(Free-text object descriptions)
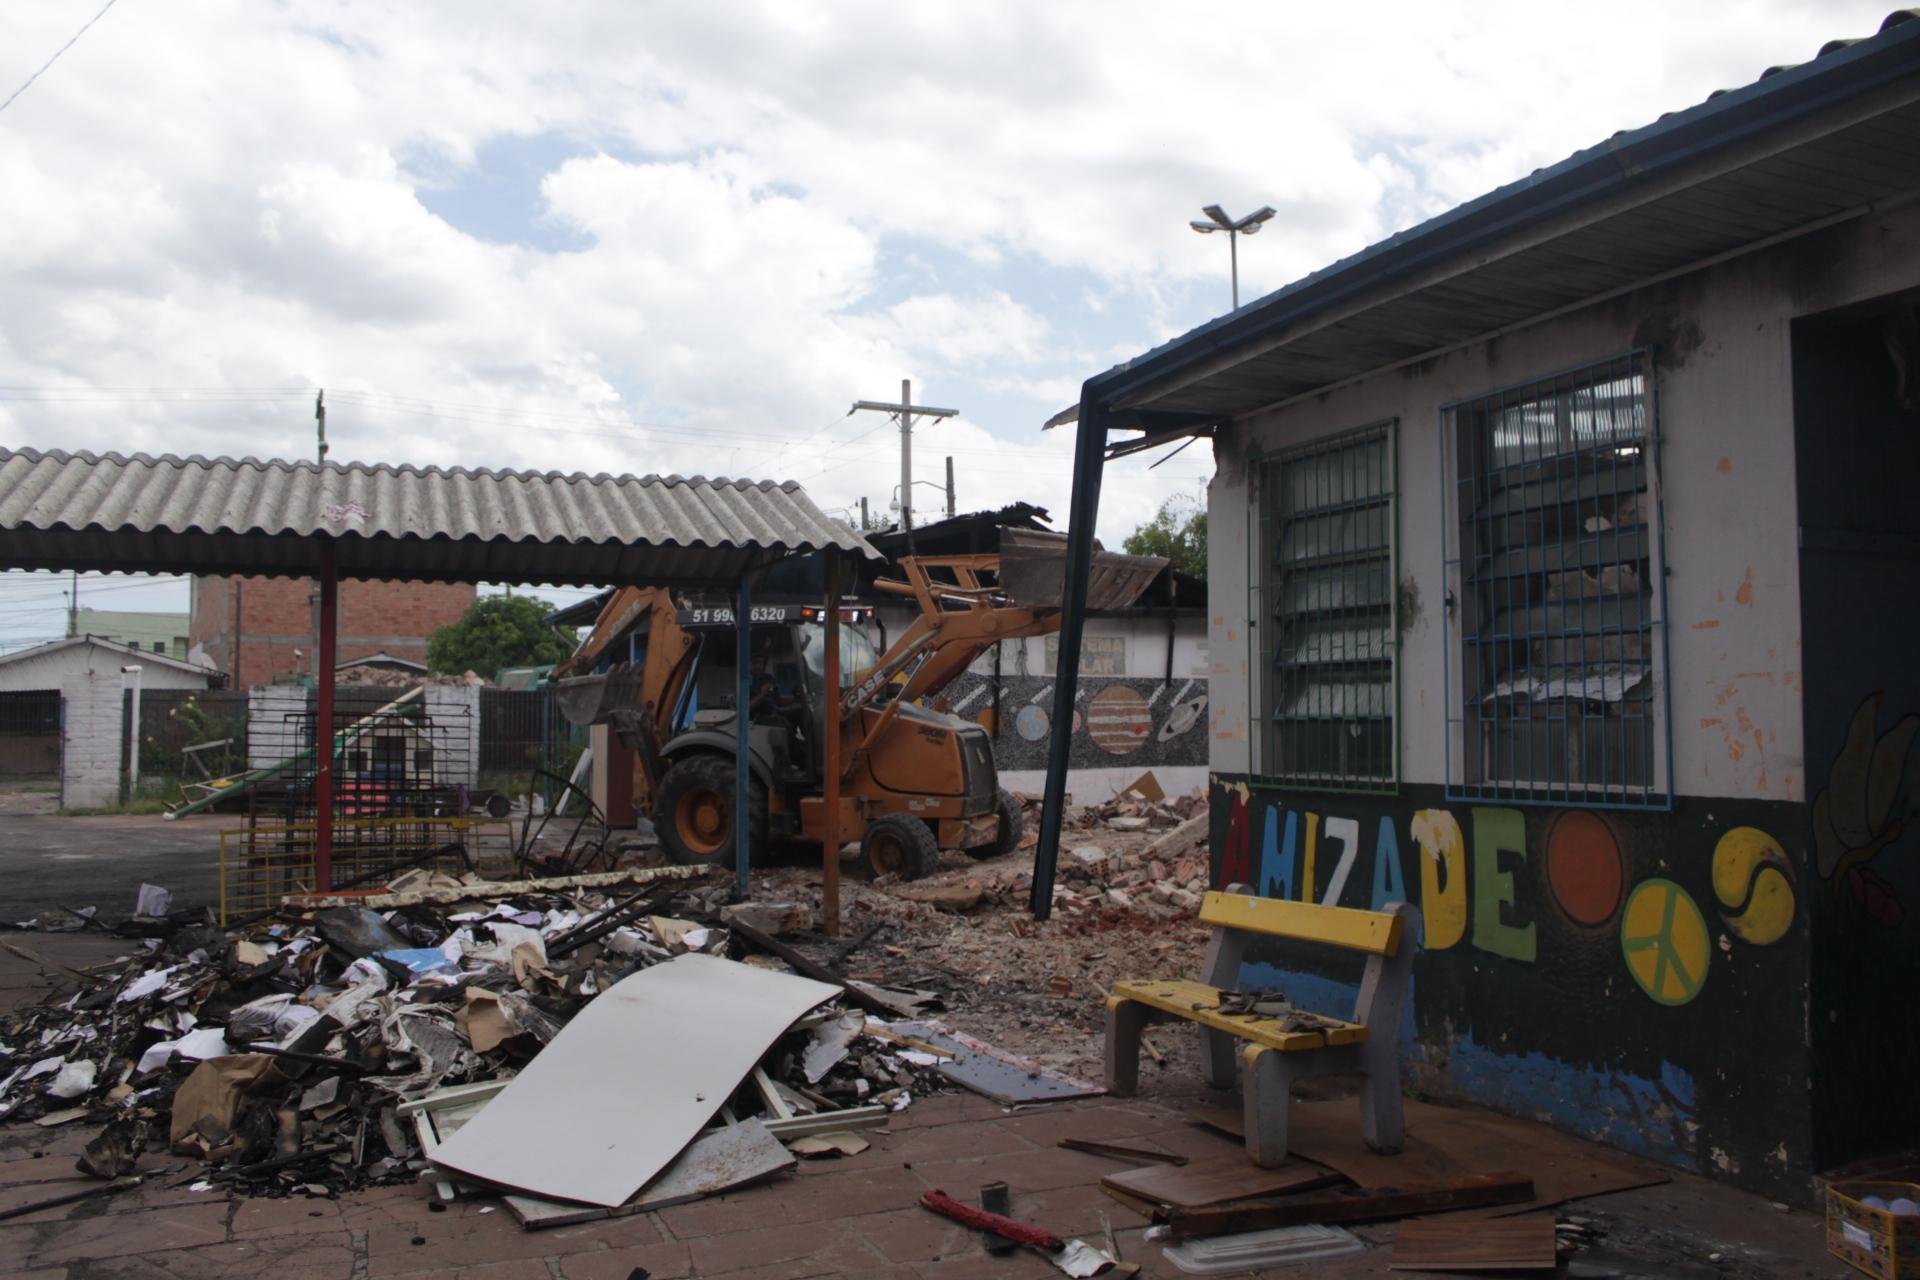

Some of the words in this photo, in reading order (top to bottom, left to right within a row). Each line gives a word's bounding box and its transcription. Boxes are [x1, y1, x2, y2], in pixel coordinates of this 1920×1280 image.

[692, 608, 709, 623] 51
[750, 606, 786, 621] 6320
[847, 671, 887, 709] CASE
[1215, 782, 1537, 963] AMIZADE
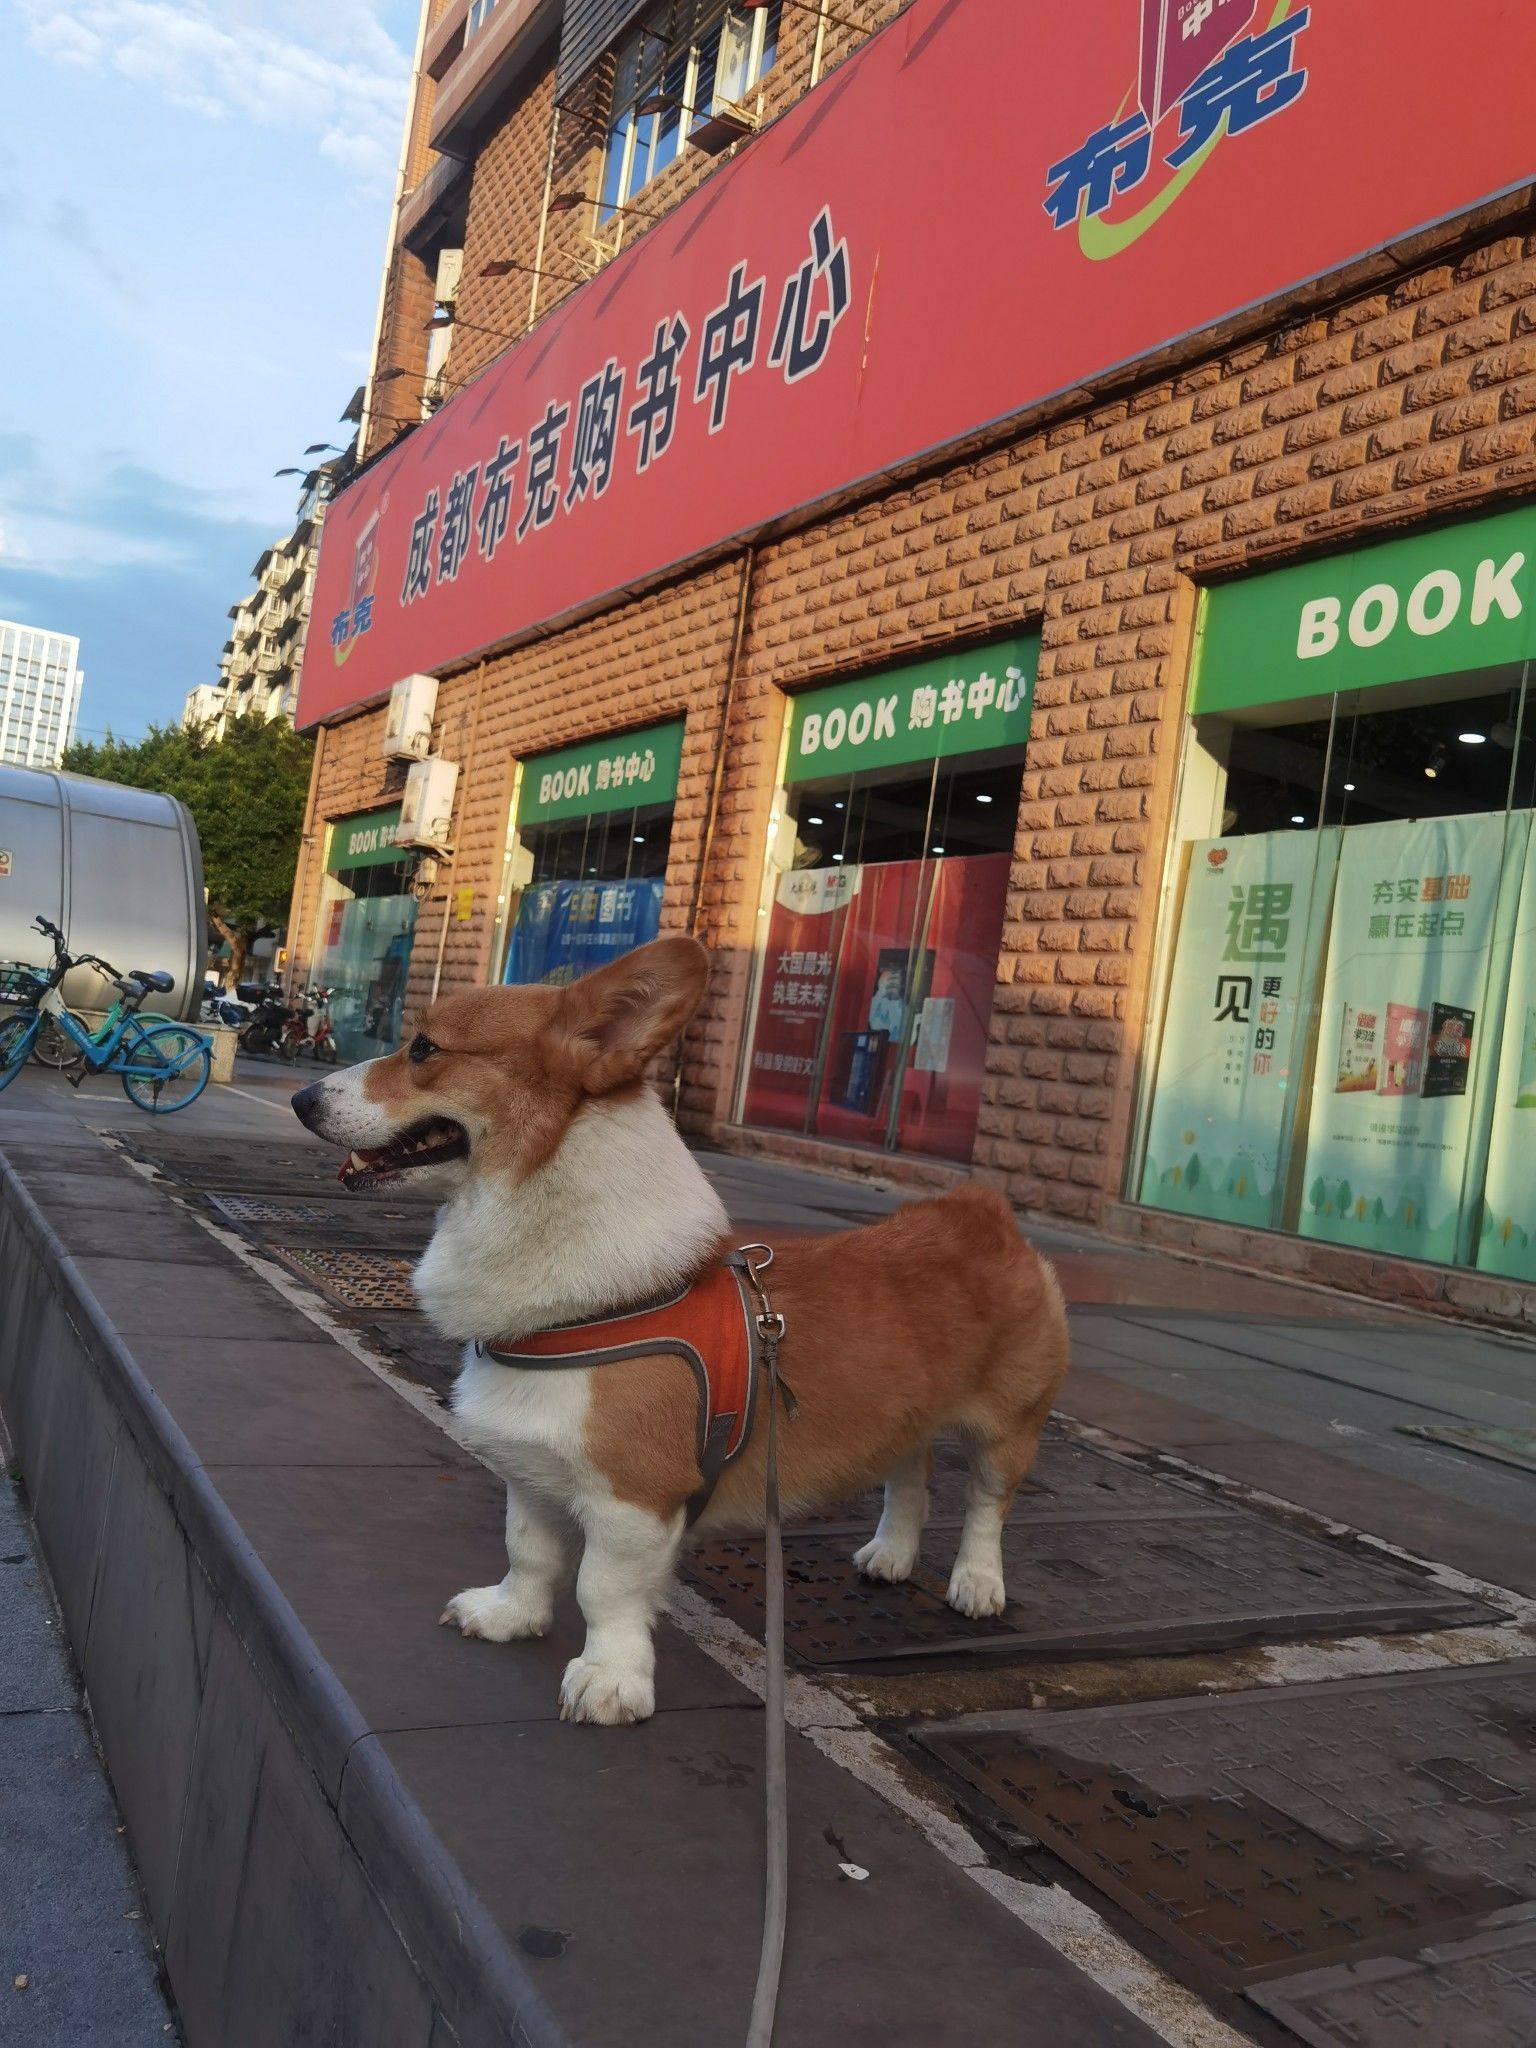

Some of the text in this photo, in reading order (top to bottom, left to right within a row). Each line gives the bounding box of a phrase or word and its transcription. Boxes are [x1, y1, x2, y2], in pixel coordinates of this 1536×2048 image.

What needs to be done: Repeat every record above exactly, but drop the pictures.

Written solution:
Some of the words in this photo, in reading order (top to bottom, left to right within a row). Each line gives a word's bounding box and its transcription. Boxes are [x1, y1, x2, y2], in pixel coordinates of this 1920×1280 image.

[692, 608, 709, 623] 51
[750, 606, 786, 621] 6320
[847, 671, 887, 709] CASE
[1215, 782, 1537, 963] AMIZADE

Some of the text in this photo, in reading order (top to bottom, left to right within a row). Each line gives the bounding box of a phrase or word and its transcription. Boxes are [x1, y1, x2, y2], in pixel coordinates of this 1536×2048 image.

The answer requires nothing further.